Above, Principal Dechele Byrd and valedictorian Ugonna Nwankwo at Washington Prep High School, one of the campuses participating in the UCLA-LAUSD Collaborative.

College-bound seniors show off certificates from the UCLA-LAUSD Collaborative, recognizing their academic achievement.

Thanks to his own diligence and the support of his teachers – not to mention the seven Advanced Placement courses he aced – Ugonna Nwankwo will be graduating next month at the top of his class from George Washington Preparatory Senior High School.

“Hard work pays off,” said Nwankwo, who moved with his family from Nigeria when he was a young boy. “I learned to constantly go after my dream, and not give up.”

Nwankwo’s dream – one that will be fulfilled this fall – is to attend the Georgia Institute of Technology in Atlanta, where he plans to major in electrical engineering.

Nwankwo’s achievements were recognized last week, along with those of more than 30 African-American seniors and other students from 28 high schools, during a celebration hosted by the UCLA-LAUSD Collaborative.

The collaborative was formed in 2014, after a federal civil rights investigation found black students were unequal participants in gifted and talented programs and Advanced Placement classes. Its goal is to provide more opportunities, improve the academic success and increase the college competitiveness of the District’s African American students.

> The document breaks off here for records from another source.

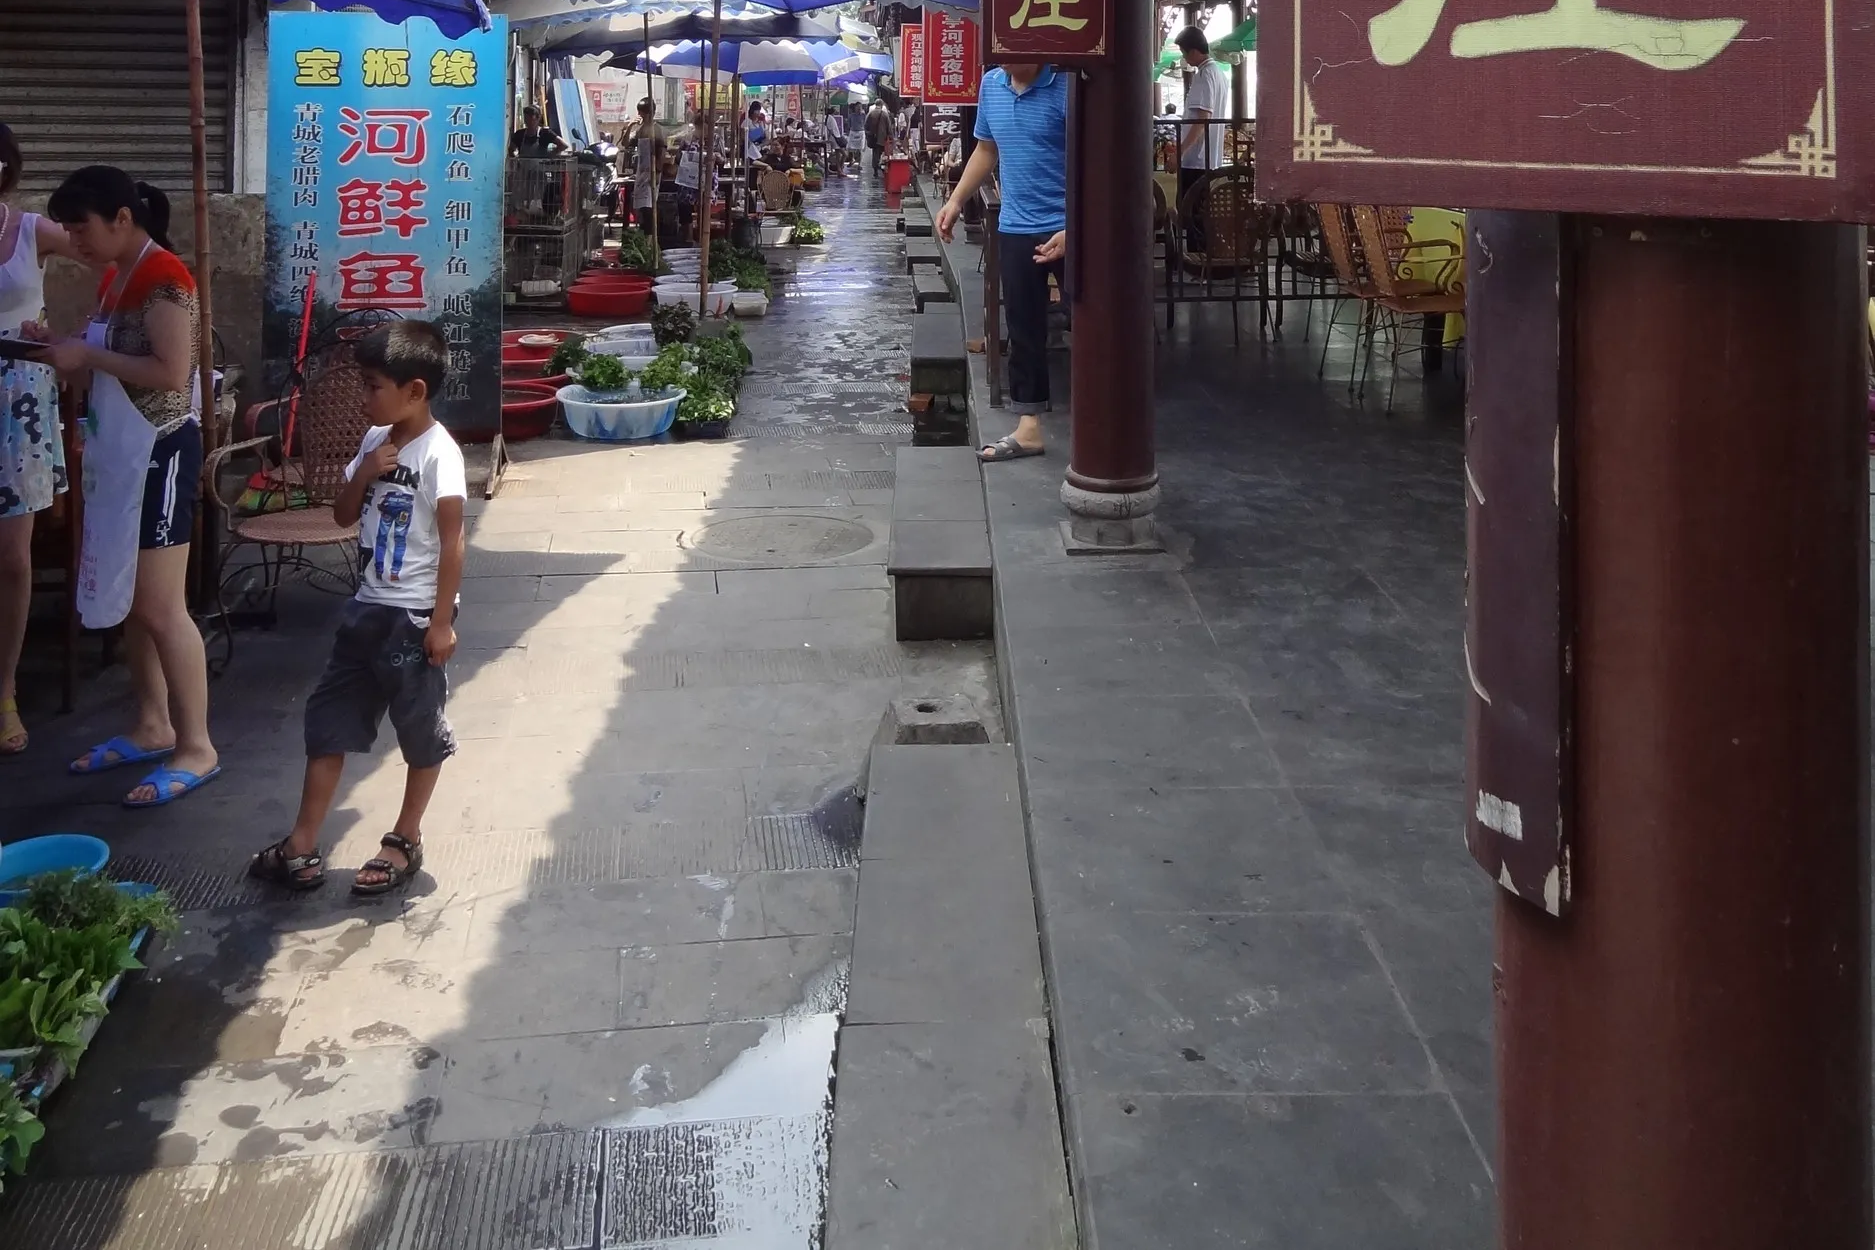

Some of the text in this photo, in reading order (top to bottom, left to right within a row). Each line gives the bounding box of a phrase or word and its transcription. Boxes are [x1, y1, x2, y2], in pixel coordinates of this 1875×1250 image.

[294, 47, 478, 88] 宝瓶缘
[941, 11, 964, 88] 亭河鲜夜啤
[291, 102, 324, 208] 青城老腊肉
[445, 103, 476, 183] 石爬鱼
[336, 106, 430, 338] 河鲜鱼
[444, 200, 473, 279] 细甲鱼
[290, 220, 321, 306] 青城四绝

“This is part of the District’s effort to close the opportunity and equity gap for African-American students,” said Dr. Robert Whitman, director of Special Projects for the District’s Access, Equity and Acceleration Unit. “This unique partnership between L.A. Unified, UCLA and the College Board focuses on supporting African-American students to become competitively eligible for college admission.”

The ceremony at UCLA’s Pauley Pavilion recognized students from schools spanning L.A. Unified – from Chatsworth to Wilmington, Van Nuys to Venice.

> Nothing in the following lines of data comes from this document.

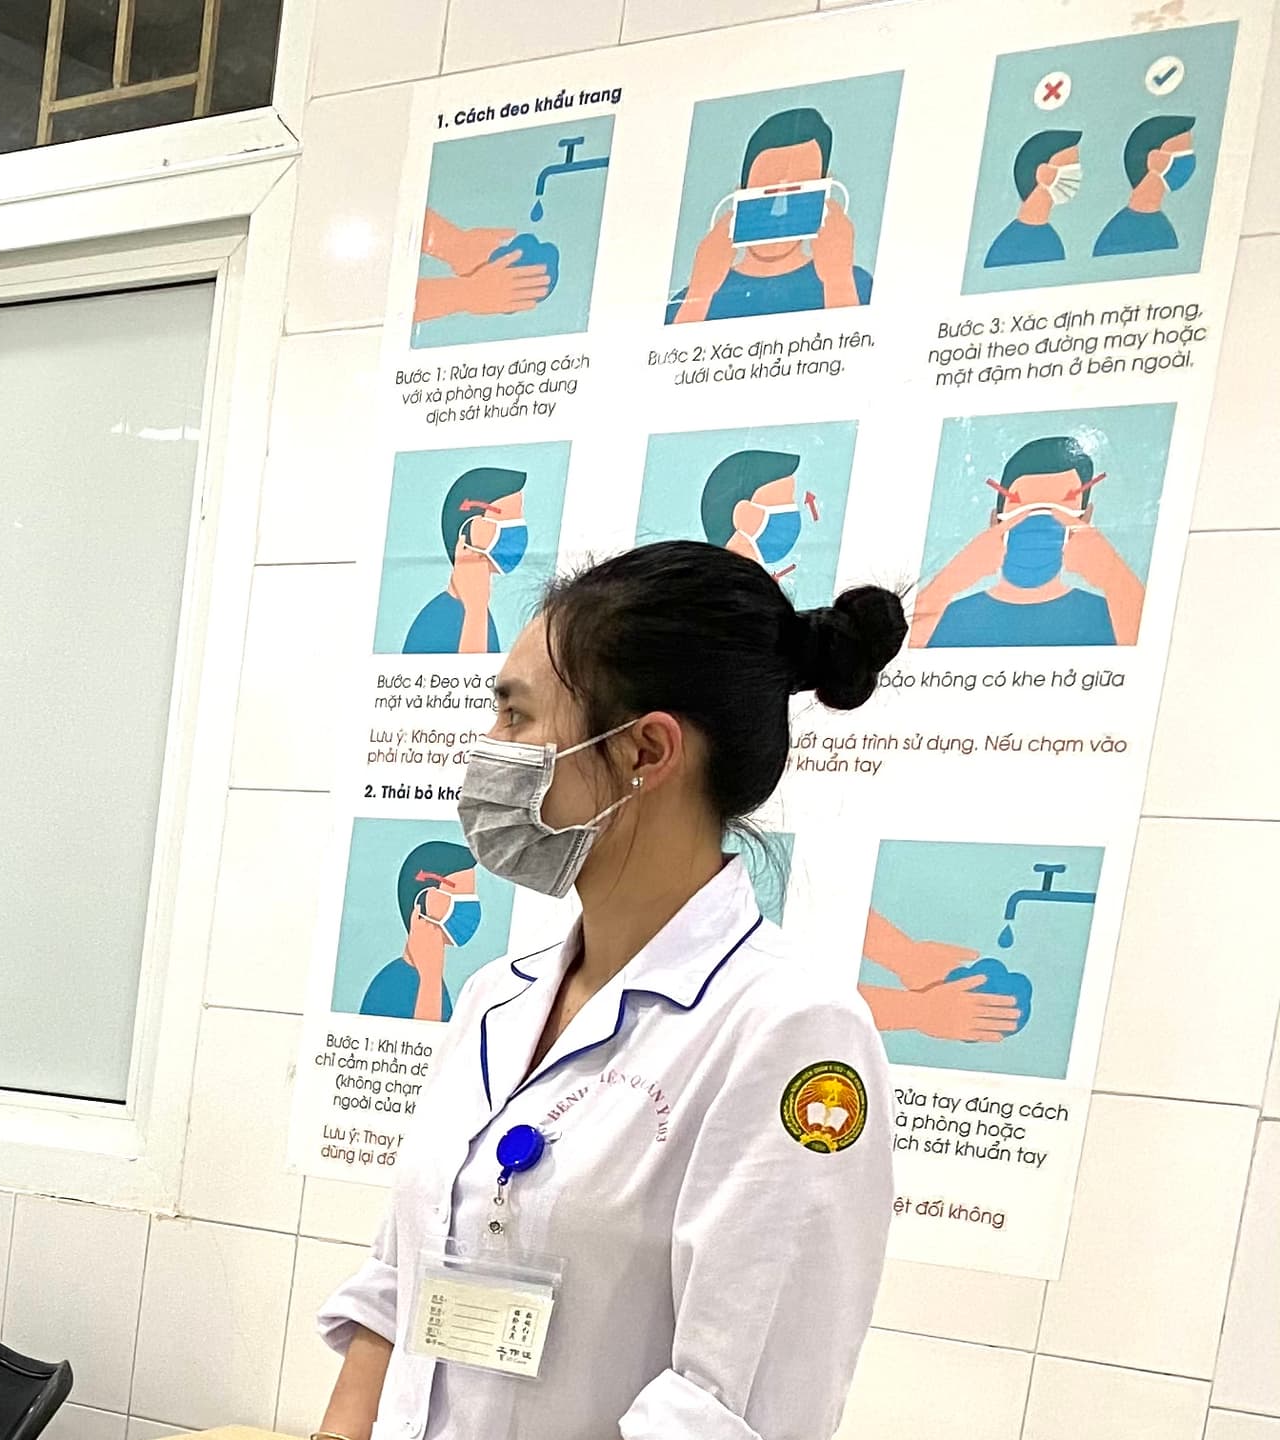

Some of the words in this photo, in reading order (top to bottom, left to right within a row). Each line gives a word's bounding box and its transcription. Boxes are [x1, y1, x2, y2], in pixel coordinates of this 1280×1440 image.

[437, 115, 448, 128] 1.
[454, 106, 495, 125] Cách
[500, 102, 530, 118] đeo
[534, 89, 574, 113] khẩu
[579, 87, 622, 104] trang
[938, 319, 985, 339] Bước
[990, 317, 1005, 334] 3:
[1010, 314, 1048, 332] Xác
[1053, 310, 1095, 331] định
[1100, 306, 1140, 326] mặt
[1146, 303, 1202, 321] trong,
[648, 348, 688, 366] Bước
[692, 347, 705, 361] 2:
[710, 343, 743, 360] Xác
[747, 339, 783, 357] định
[787, 332, 833, 356] phần
[928, 343, 982, 366] ngoài
[987, 340, 1029, 359] theo
[1035, 335, 1098, 355] đường
[1104, 330, 1148, 350] may
[1153, 325, 1207, 347] hoặc
[396, 368, 431, 385] Bước
[437, 367, 446, 382] 1:
[450, 363, 478, 380] Rửa
[482, 364, 504, 379] tay
[508, 358, 546, 376] đúng
[550, 354, 590, 371] cách
[674, 367, 709, 385] dưới
[713, 363, 746, 382] của
[750, 357, 791, 379] khẩu
[936, 367, 972, 388] mặt
[978, 364, 1021, 385] đậm
[1027, 361, 1063, 378] hơn
[1069, 357, 1083, 376] ở
[1088, 356, 1126, 374] bên
[402, 389, 422, 404] với
[425, 388, 442, 403] xà
[445, 385, 492, 404] phòng
[496, 381, 534, 400] hoặc
[538, 378, 577, 395] dung
[426, 407, 456, 426] dịch
[459, 405, 481, 420] sát
[484, 400, 528, 419] khuẩn
[532, 401, 556, 417] tay
[377, 674, 411, 689] Bước
[415, 674, 426, 689] 4:
[430, 674, 460, 689] Đeo
[464, 674, 481, 689] và
[920, 670, 977, 691] không
[982, 670, 1007, 687] có
[1012, 671, 1046, 687] khe
[1051, 668, 1077, 687] hở
[1081, 670, 1125, 691] giữa
[374, 694, 402, 711] mặt
[406, 695, 422, 708] và
[426, 691, 460, 709] khẩu
[370, 728, 393, 743] Lưu
[397, 729, 407, 746] ý:
[411, 730, 455, 747] Không
[790, 731, 818, 749] uốt
[822, 733, 856, 752] quá
[862, 733, 898, 750] trình
[903, 733, 923, 750] sử
[927, 735, 978, 755] dụng.
[985, 733, 1022, 751] Nếu
[1028, 736, 1084, 755] chạm
[1090, 736, 1128, 753] vào
[367, 748, 398, 765] phải
[401, 748, 423, 764] rửa
[427, 750, 449, 767] tay
[797, 752, 849, 772] khuẩn
[854, 757, 881, 776] tay
[364, 785, 376, 798] 2.
[382, 783, 410, 799] Thải
[414, 784, 433, 800] bỏ
[326, 1034, 360, 1050] Bước
[378, 1039, 398, 1054] Khi
[401, 1041, 432, 1057] tháo
[315, 1052, 336, 1067] chỉ
[338, 1053, 368, 1070] cầm
[371, 1057, 407, 1075] phần
[336, 1074, 381, 1094] (không
[333, 1095, 372, 1110] ngoài
[374, 1097, 401, 1113] của
[932, 1093, 961, 1113] tay
[965, 1096, 1014, 1118] đúng
[1018, 1102, 1069, 1121] cách
[323, 1125, 345, 1140] Lưu
[349, 1128, 360, 1144] ý:
[364, 1130, 395, 1149] Thay
[895, 1111, 908, 1127] à
[912, 1114, 971, 1137] phòng
[976, 1120, 1026, 1141] hoặc
[321, 1144, 355, 1163] dùng
[358, 1149, 374, 1165] lại
[893, 1134, 919, 1151] ịch
[923, 1138, 951, 1154] sát
[955, 1141, 1011, 1162] khuẩn
[1017, 1147, 1047, 1169] tay
[893, 1197, 912, 1216] ệt
[915, 1200, 944, 1218] đối
[948, 1203, 1005, 1229] không

A dozen of the students will be attending UCLA in the fall, and 10 others opted to attend California State University campuses. In addition, honorees are headed for UC Riverside; historically black colleges Howard University in Washington, D.C., and Xavier University in New Orleans; and Los Angeles Trade Tech and Moorpark Community College.

Dr. George J. McKenna III speaks during the UCLA-LAUSD Collaborative celebration.

Before certificates were handed out, Dr. George J. McKenna III, the vice president of the Board of Education, offered the students some advice.

“If you are going to UCLA, you are going to a great school,” he said. “If you are going someplace else, you are going to a great place.  Get your degree, not your diploma – that’s for high school. Stay and get your degree.”

McKenna, the former principal of Washington Prep, also praised the work of the collaborative.

“It’s a practical program. It teaches students that college is not beyond their reality.  All of these students believe they are supposed to go to college. I’m impressed.”

One of McKenna’s former students, Dechele Byrd, is now principal of Washington Prep. She was accompanied by Nwankwo, the valedictorian, and Kenneth Walker, a high-achieving junior, who aspires to attend UCLA.

“We are a college prep high school,” she said, where all students take the A-G courses required for admission to the UC and CSU systems. “We provide our students with access to AP classes, support, and field trips to campuses to encourage them to attend college.”

A graduate of Washington Prep and Loyola Marymount University, Byrd is currently working on earning her doctorate from Pepperdine University. She had a personal message for her students – and all of those receiving support through the collaborative.

“I did it and you should be able to do it, too,” she said.